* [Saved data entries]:
━━━━━━━━

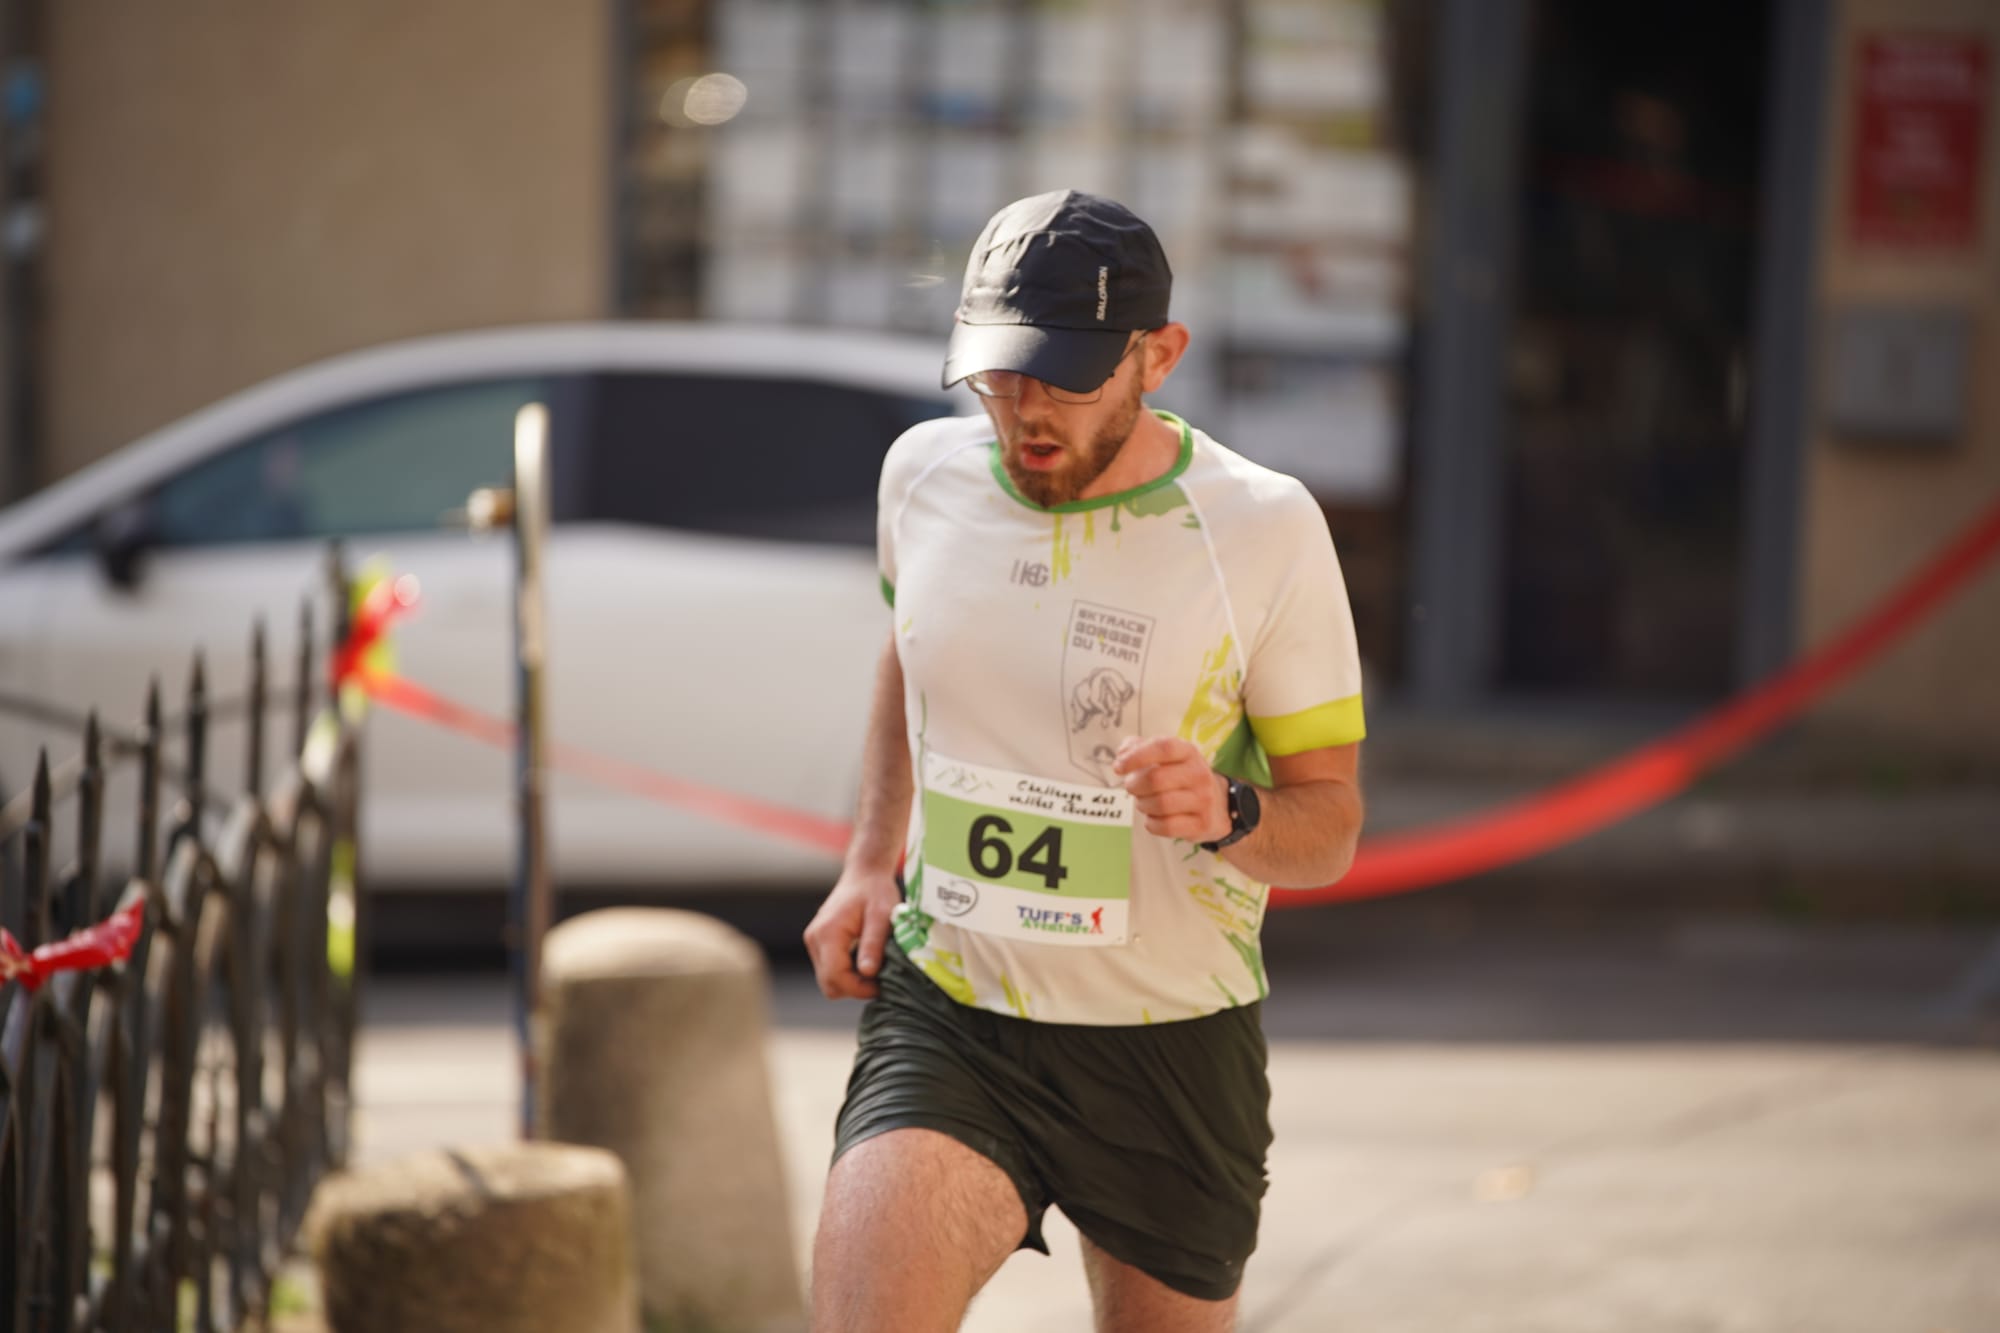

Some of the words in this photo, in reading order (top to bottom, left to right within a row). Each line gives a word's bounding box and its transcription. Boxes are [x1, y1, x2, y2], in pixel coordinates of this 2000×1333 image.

[1096, 266, 1109, 320] SALOMON
[1078, 609, 1146, 634] SKYRACE
[1072, 635, 1093, 650] DU
[1075, 621, 1143, 649] GORGES
[1017, 780, 1082, 803] Challenge
[1092, 794, 1115, 804] des
[968, 814, 1068, 889] 64
[1017, 905, 1082, 925] TUFF'S
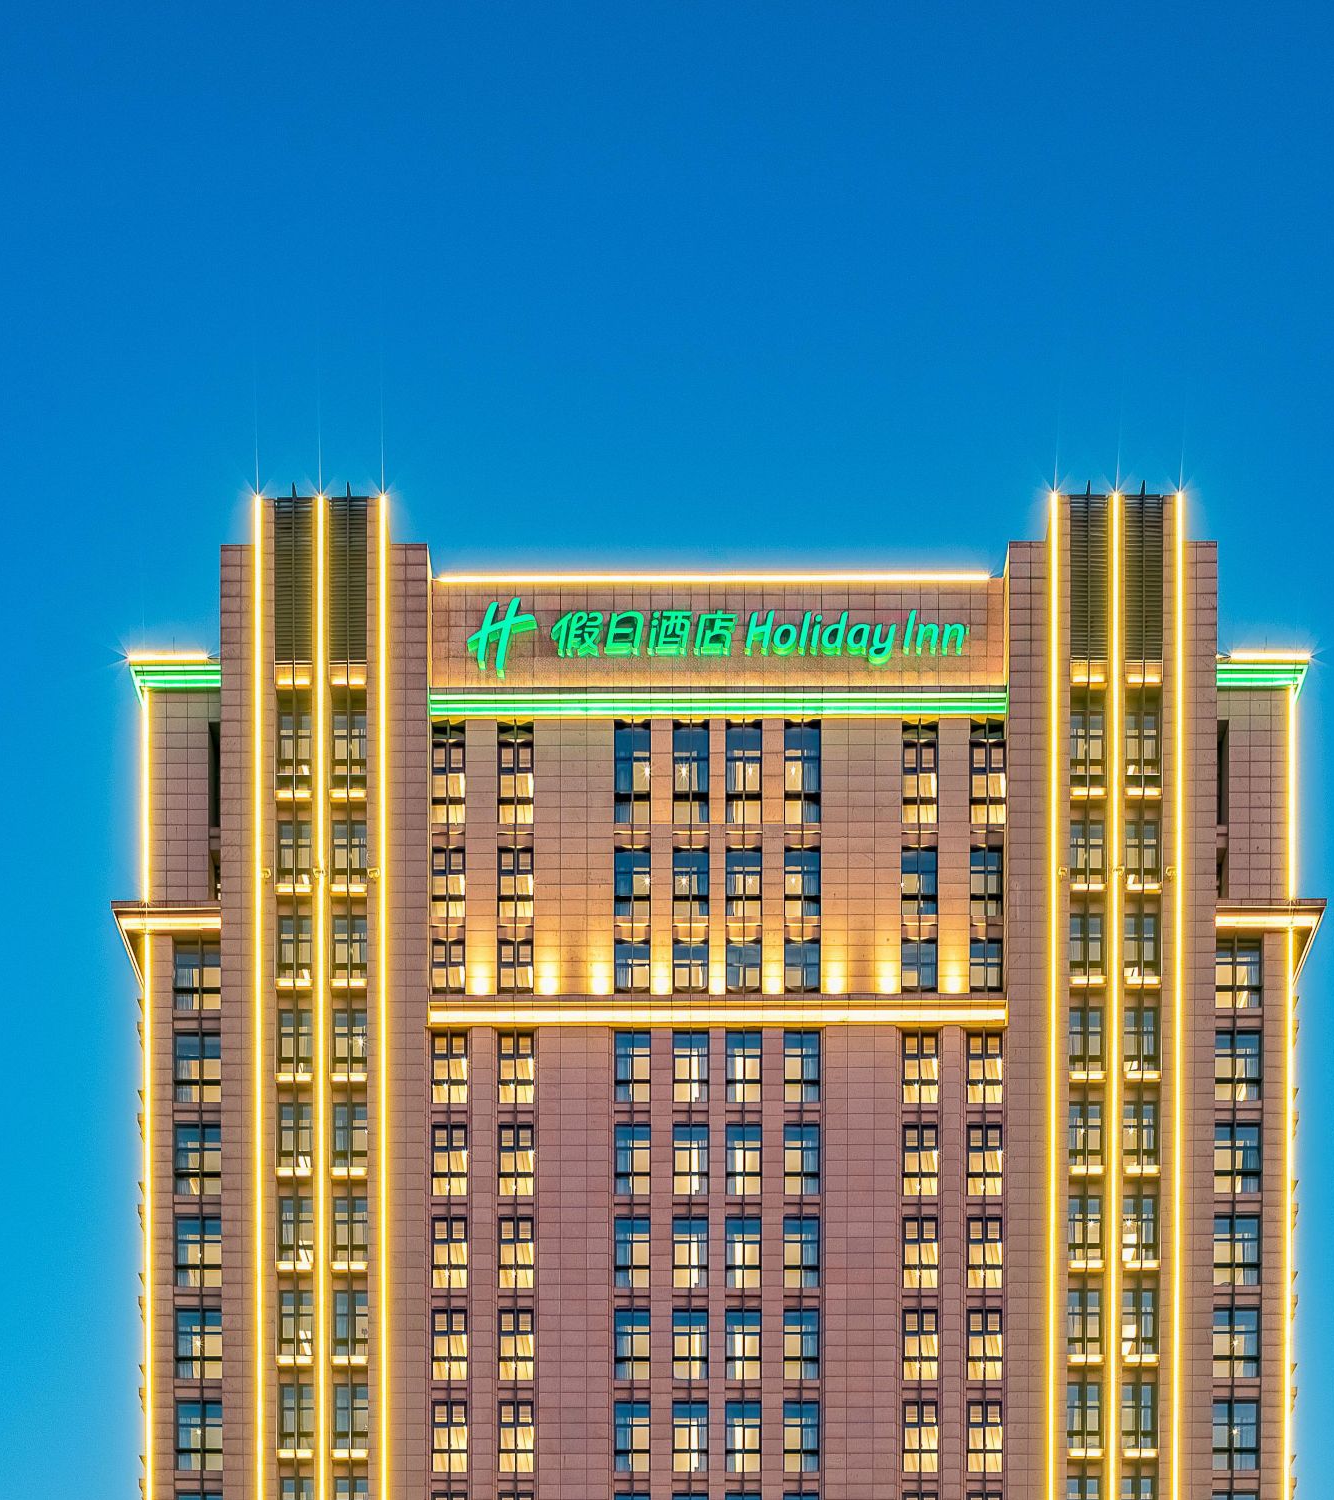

━━━━━━━━

* [Your instructions]: Set down the data above word for word, leaving every picture out.

* [Solution for this problem]:
Some of the words in this photo, in reading order (top to bottom, left to right within a row). Each line gives a word's bounding box and its transcription. Boxes are [x1, y1, x2, y2], in pixel coordinates of this 2000×1333 image.

[1096, 266, 1109, 320] SALOMON
[1078, 609, 1146, 634] SKYRACE
[1072, 635, 1093, 650] DU
[1075, 621, 1143, 649] GORGES
[1017, 780, 1082, 803] Challenge
[1092, 794, 1115, 804] des
[968, 814, 1068, 889] 64
[1017, 905, 1082, 925] TUFF'S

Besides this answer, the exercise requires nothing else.